→ **Work to complete**: All lines below are to be transcribed exactly.

→ **Data shown**:
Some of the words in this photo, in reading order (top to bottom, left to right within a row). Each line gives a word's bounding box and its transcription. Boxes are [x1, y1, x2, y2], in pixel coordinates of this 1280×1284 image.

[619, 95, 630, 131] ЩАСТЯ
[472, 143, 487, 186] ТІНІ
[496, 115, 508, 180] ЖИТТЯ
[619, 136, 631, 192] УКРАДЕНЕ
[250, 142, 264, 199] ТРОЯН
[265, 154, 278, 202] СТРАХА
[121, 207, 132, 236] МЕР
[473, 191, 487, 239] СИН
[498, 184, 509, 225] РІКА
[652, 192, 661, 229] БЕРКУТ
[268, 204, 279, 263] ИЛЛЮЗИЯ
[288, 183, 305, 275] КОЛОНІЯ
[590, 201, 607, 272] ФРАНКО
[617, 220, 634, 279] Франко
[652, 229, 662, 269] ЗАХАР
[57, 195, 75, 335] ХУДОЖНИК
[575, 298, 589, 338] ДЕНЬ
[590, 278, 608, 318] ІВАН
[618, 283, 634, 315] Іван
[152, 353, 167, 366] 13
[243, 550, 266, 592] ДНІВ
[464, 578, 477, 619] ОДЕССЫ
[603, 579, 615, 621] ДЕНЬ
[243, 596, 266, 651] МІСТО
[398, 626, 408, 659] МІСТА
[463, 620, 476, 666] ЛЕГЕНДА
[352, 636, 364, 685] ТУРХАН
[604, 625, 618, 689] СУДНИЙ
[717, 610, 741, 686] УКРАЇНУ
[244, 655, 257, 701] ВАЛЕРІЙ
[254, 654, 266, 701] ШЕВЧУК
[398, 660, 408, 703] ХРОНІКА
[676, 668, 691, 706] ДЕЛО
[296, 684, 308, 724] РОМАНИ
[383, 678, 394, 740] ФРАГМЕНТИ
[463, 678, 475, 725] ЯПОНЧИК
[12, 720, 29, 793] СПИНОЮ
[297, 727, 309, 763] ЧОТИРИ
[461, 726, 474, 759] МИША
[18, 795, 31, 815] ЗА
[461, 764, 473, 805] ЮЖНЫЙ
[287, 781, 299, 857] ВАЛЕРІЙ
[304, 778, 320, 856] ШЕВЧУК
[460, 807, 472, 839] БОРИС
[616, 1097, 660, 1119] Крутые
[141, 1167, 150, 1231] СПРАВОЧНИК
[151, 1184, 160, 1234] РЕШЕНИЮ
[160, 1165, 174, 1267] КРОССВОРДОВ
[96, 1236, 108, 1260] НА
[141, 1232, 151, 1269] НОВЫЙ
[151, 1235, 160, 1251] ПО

→ **Result of the exercise**:
Some of the words in this photo, in reading order (top to bottom, left to right within a row). Each line gives a word's bounding box and its transcription. Boxes are [x1, y1, x2, y2], in pixel coordinates of this 1280×1284 image.

[619, 95, 630, 131] ЩАСТЯ
[472, 143, 487, 186] ТІНІ
[496, 115, 508, 180] ЖИТТЯ
[619, 136, 631, 192] УКРАДЕНЕ
[250, 142, 264, 199] ТРОЯН
[265, 154, 278, 202] СТРАХА
[121, 207, 132, 236] МЕР
[473, 191, 487, 239] СИН
[498, 184, 509, 225] РІКА
[652, 192, 661, 229] БЕРКУТ
[268, 204, 279, 263] ИЛЛЮЗИЯ
[288, 183, 305, 275] КОЛОНІЯ
[590, 201, 607, 272] ФРАНКО
[617, 220, 634, 279] Франко
[652, 229, 662, 269] ЗАХАР
[57, 195, 75, 335] ХУДОЖНИК
[575, 298, 589, 338] ДЕНЬ
[590, 278, 608, 318] ІВАН
[618, 283, 634, 315] Іван
[152, 353, 167, 366] 13
[243, 550, 266, 592] ДНІВ
[464, 578, 477, 619] ОДЕССЫ
[603, 579, 615, 621] ДЕНЬ
[243, 596, 266, 651] МІСТО
[398, 626, 408, 659] МІСТА
[463, 620, 476, 666] ЛЕГЕНДА
[352, 636, 364, 685] ТУРХАН
[604, 625, 618, 689] СУДНИЙ
[717, 610, 741, 686] УКРАЇНУ
[244, 655, 257, 701] ВАЛЕРІЙ
[254, 654, 266, 701] ШЕВЧУК
[398, 660, 408, 703] ХРОНІКА
[676, 668, 691, 706] ДЕЛО
[296, 684, 308, 724] РОМАНИ
[383, 678, 394, 740] ФРАГМЕНТИ
[463, 678, 475, 725] ЯПОНЧИК
[12, 720, 29, 793] СПИНОЮ
[297, 727, 309, 763] ЧОТИРИ
[461, 726, 474, 759] МИША
[18, 795, 31, 815] ЗА
[461, 764, 473, 805] ЮЖНЫЙ
[287, 781, 299, 857] ВАЛЕРІЙ
[304, 778, 320, 856] ШЕВЧУК
[460, 807, 472, 839] БОРИС
[616, 1097, 660, 1119] Крутые
[141, 1167, 150, 1231] СПРАВОЧНИК
[151, 1184, 160, 1234] РЕШЕНИЮ
[160, 1165, 174, 1267] КРОССВОРДОВ
[96, 1236, 108, 1260] НА
[141, 1232, 151, 1269] НОВЫЙ
[151, 1235, 160, 1251] ПО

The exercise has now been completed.